E-commerce shops struggle with false declines as more shoppers come online

E-commerce merchants may need more data to ensure they are not turning down sales from first-time online shoppers.

Nearly a year into the coronavirus pandemic, many consumers are still taking their shopping online for the first time at certain merchants.

"Currently, the volume of new online shoppers is two times greater than pre-COVID levels," said Angela Whiteford, chief marketing officer at Forter, a provider of e-commerce risk management. "Turning these new users into repeat buyers presents tremendous lifetime value for the merchants. The challenge is, one false decline often ends the relationship."

Those new shoppers are five to seven times more likely to have their first transactions declined, according to research from Forter. The potential annual losses from first-user declines could be in the hundreds of millions of dollars worldwide, the report says.

Deckers brands
Bloomberg

A flood of new users shopping online, driven by the ongoing coronavirus pandemic. Forter calls this trend NUMO, or new user missed opportunity, a scenario that occurs when merchants do not have enough data to support an approved transaction. The needed data could include purchasing behavior and history; in-store interactions, including returns or item exchanges; coupon usage, loyalty or reward points memberships; personalization of interactions; behaviors and past actions and connected identities for other e-commerce sites.

"Our global network has been tracking false declines and the NUMO phenomenon for years" and has seen the problem come to the forefront during the pandemic, Whiteford said. "We have continually expanded our network to include more players in the broader e-commerce ecosystem as the transaction process involves numerous parties — and a lack of data at any point can result in a false decline."

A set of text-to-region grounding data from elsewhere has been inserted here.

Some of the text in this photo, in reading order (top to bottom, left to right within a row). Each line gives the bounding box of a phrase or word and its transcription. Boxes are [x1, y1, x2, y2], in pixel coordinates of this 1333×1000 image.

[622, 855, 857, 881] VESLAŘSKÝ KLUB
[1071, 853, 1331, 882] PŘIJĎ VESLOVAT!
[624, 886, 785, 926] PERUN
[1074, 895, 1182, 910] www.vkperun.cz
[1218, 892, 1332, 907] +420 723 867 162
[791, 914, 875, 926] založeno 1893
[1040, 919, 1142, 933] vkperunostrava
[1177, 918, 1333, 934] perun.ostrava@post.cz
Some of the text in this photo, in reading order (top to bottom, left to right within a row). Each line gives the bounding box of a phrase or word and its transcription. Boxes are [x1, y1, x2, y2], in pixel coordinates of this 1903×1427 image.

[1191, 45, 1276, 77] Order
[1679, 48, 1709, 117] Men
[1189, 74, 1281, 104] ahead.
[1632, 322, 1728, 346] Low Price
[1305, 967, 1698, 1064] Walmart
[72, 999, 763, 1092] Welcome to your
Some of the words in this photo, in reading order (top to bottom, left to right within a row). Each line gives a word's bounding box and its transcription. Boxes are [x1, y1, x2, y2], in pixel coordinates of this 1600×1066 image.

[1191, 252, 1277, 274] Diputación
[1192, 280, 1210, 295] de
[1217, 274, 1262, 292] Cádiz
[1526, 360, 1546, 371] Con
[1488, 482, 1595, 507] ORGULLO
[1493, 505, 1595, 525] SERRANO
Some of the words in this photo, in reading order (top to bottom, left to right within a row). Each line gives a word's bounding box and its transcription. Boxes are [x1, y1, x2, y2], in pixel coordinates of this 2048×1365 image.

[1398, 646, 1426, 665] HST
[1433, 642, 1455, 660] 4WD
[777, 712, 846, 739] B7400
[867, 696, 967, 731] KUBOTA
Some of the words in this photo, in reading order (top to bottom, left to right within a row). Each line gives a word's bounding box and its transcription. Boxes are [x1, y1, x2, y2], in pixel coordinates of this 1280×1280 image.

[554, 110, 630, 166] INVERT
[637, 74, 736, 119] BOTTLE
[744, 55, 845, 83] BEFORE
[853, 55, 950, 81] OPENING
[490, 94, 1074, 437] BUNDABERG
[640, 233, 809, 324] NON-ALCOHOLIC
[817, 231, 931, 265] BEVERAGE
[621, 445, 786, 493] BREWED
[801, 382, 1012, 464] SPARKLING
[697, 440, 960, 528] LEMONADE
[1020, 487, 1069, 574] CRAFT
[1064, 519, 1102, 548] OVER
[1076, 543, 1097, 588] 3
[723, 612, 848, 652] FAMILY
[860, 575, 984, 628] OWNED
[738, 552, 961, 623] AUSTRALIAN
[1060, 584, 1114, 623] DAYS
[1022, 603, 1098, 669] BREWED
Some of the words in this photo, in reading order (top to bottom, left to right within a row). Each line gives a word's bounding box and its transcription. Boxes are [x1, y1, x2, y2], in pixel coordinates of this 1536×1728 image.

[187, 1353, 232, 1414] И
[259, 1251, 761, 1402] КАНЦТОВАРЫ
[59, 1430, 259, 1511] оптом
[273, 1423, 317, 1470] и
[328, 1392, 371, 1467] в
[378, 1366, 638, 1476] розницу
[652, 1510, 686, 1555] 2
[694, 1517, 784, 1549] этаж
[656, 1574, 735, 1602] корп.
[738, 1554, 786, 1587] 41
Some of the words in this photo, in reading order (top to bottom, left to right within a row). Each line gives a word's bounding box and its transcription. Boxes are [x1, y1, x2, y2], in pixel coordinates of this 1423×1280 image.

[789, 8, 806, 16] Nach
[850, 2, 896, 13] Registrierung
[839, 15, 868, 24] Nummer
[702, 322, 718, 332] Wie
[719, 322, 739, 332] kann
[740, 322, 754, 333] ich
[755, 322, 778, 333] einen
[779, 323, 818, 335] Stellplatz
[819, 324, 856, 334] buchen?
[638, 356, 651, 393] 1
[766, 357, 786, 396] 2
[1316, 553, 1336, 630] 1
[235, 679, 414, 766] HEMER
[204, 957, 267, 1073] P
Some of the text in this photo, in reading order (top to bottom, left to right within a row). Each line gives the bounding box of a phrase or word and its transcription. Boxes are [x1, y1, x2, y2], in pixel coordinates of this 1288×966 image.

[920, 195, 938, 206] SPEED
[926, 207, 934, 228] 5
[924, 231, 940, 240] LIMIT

Forter studied sellers' total processing volume and average decline rate, the additional likelihood of declining new users, the average rate of new users, the likelihood of a declined new user returning, and the frequency of user purchasing on a website.

At least 40% of first-time shoppers who are declined on the first visit, won't try again on that merchant site, Forter reported. The estimated missed annual revenue per a customer that will not return is $930 in apparel and accessories, $798 in home and garden items; and $1,062 in food and beverage, the report states.

Forter's global network obtains data from a merchant base that processes more than $200 billion annually and protects more than 800 million identities, and the company stresses that merchants should look at the network as one that reduces false declines as much as thwarting fraud attempts.

The report points out that merchants can lose up to 75 times more revenue to false declines than they do to fraud. Having data analyzed about social online identities or interaction with other online sites, as well as bank interaction information, the shopper's previous habits become more clear and can help merchants build trust in a transaction.

"Approval rates are typically the most telling sign, and this is something merchants can — and do — see on their own," Whiteford said. "We onboard many new clients because they are looking to increase their approval rates and at the same time we minimize their fraud costs."

Customers tend to feel their approval rates are as high as they can be and Forter consistently has to show them that they can be much higher because of the data through its network and the ability to accurately identify the trustworthiness of digital identities, Whiteford added. Many of these clients don't understand the extent to which they are declining legitimate buyers, she said.

Manual processes or the use of multiple, separate fraud tools can sometimes prevent instant approve/decline decisions or smooth one-click experiences.

"Every little piece of data that we have to make a good decision about a customer is key," said Jesse Carstens, global director of e-commerce operations at online store Deckers Brands. "With Forter's machine learning and global network of user data, we're able to make real-time decisions and scale automatically without adding more resources."

Forter will continue its push for merchants to consider network protection based on machine learning, cross-industry data collection and analysis and tools for real-time decisions.

"We expect NUMO to be a persistent issue even when things do return to normal," Forter's Whiteford said. "Consumers have been forced to adopt e-commerce habits and are unlikely to abandon the flexibility and enhanced shopping experience they are afforded online."

The pressure online merchants face in capitalizing on these new user opportunities is enhanced because the personalized services they currently offer such as curbside pickup, or buy online and pick-up in store, as well as flexible policies about returns, will only increase — even when brick and mortar opportunities return, the report noted.